Exercise objective: Would you write out the entries below word for word, omitting the pictures?

Raw data:
┄┄┄┄┄┄┄┄┄┄┄┄┄┄┄┄┄┄┄┄
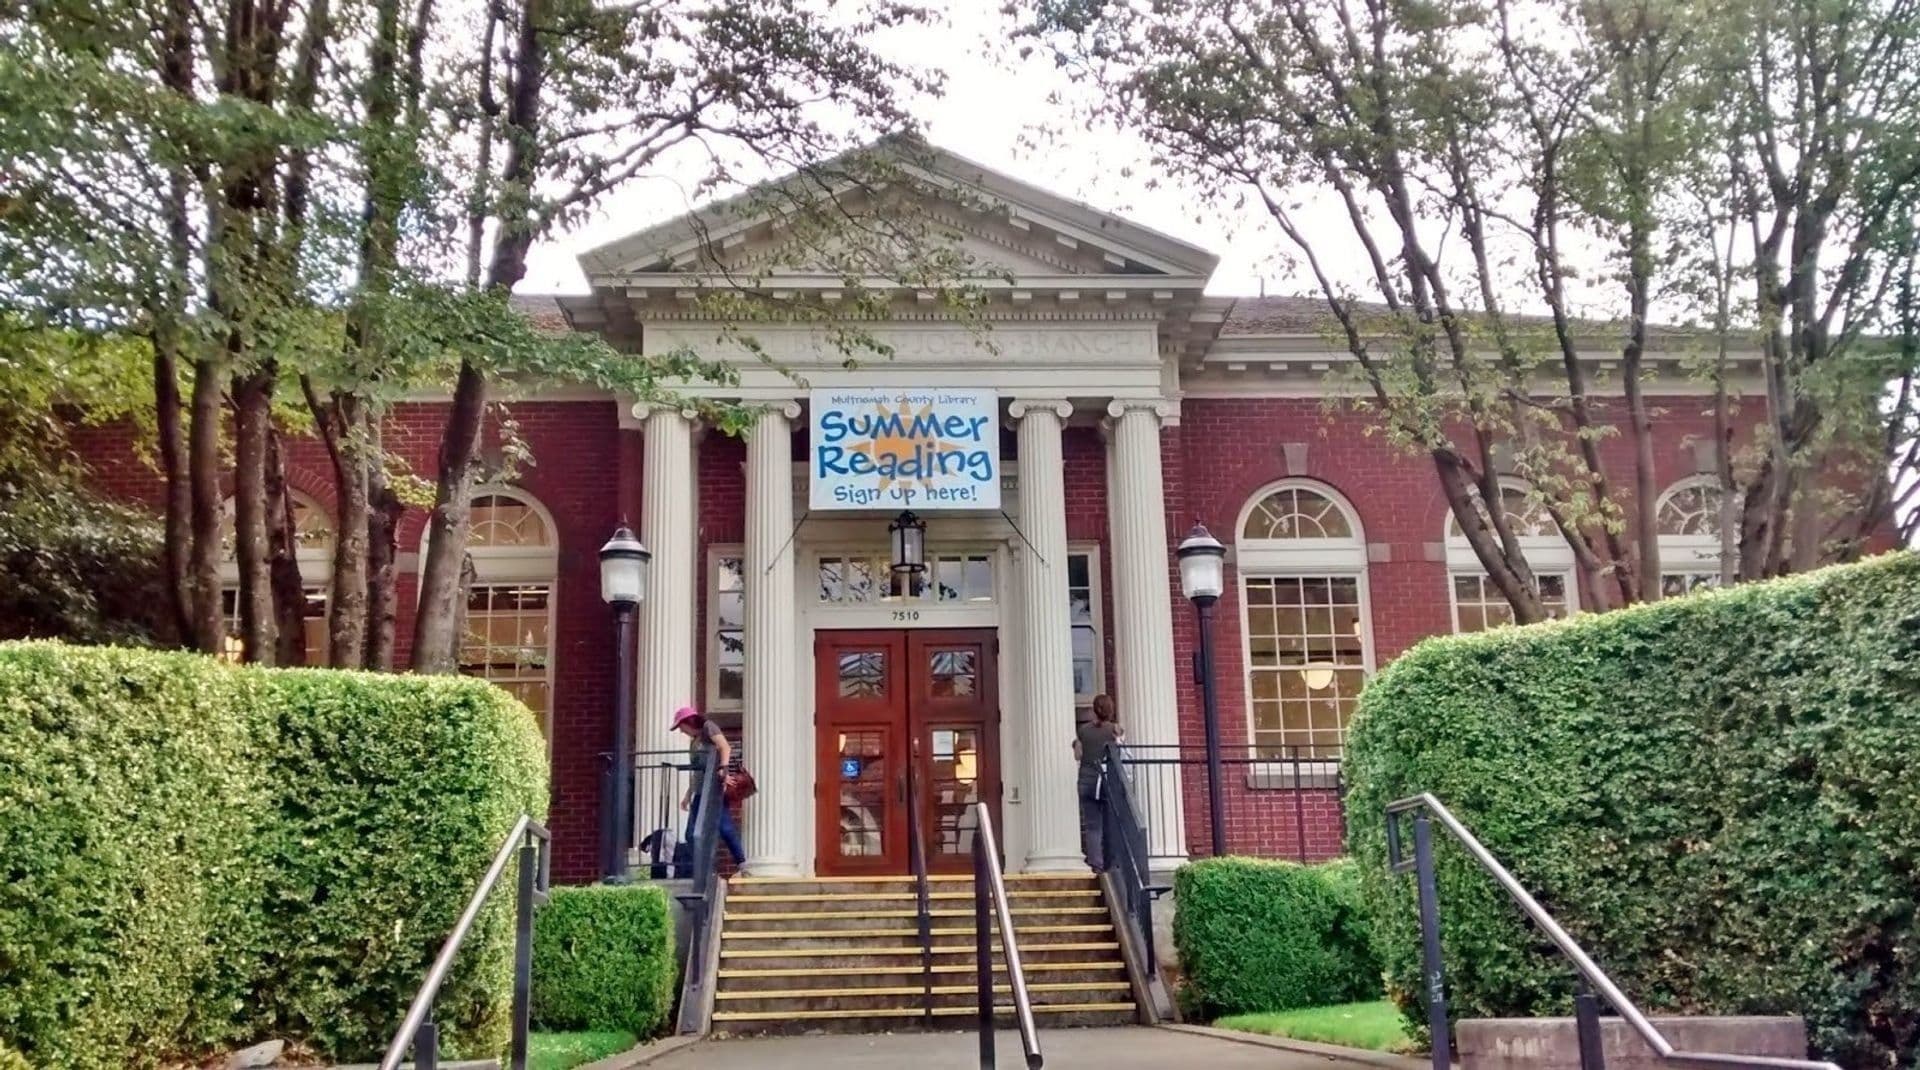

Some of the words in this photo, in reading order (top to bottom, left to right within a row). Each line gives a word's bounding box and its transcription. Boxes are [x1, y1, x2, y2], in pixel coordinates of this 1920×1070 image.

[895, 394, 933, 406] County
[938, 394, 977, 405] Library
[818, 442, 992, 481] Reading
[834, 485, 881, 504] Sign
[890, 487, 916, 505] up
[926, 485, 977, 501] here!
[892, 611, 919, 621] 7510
┄┄┄┄┄┄┄┄┄┄┄┄┄┄┄┄┄┄┄┄
Task answer:
Some of the words in this photo, in reading order (top to bottom, left to right within a row). Each line gives a word's bounding box and its transcription. Boxes are [x1, y1, x2, y2], in pixel coordinates of this 1920×1070 image.

[895, 394, 933, 406] County
[938, 394, 977, 405] Library
[818, 442, 992, 481] Reading
[834, 485, 881, 504] Sign
[890, 487, 916, 505] up
[926, 485, 977, 501] here!
[892, 611, 919, 621] 7510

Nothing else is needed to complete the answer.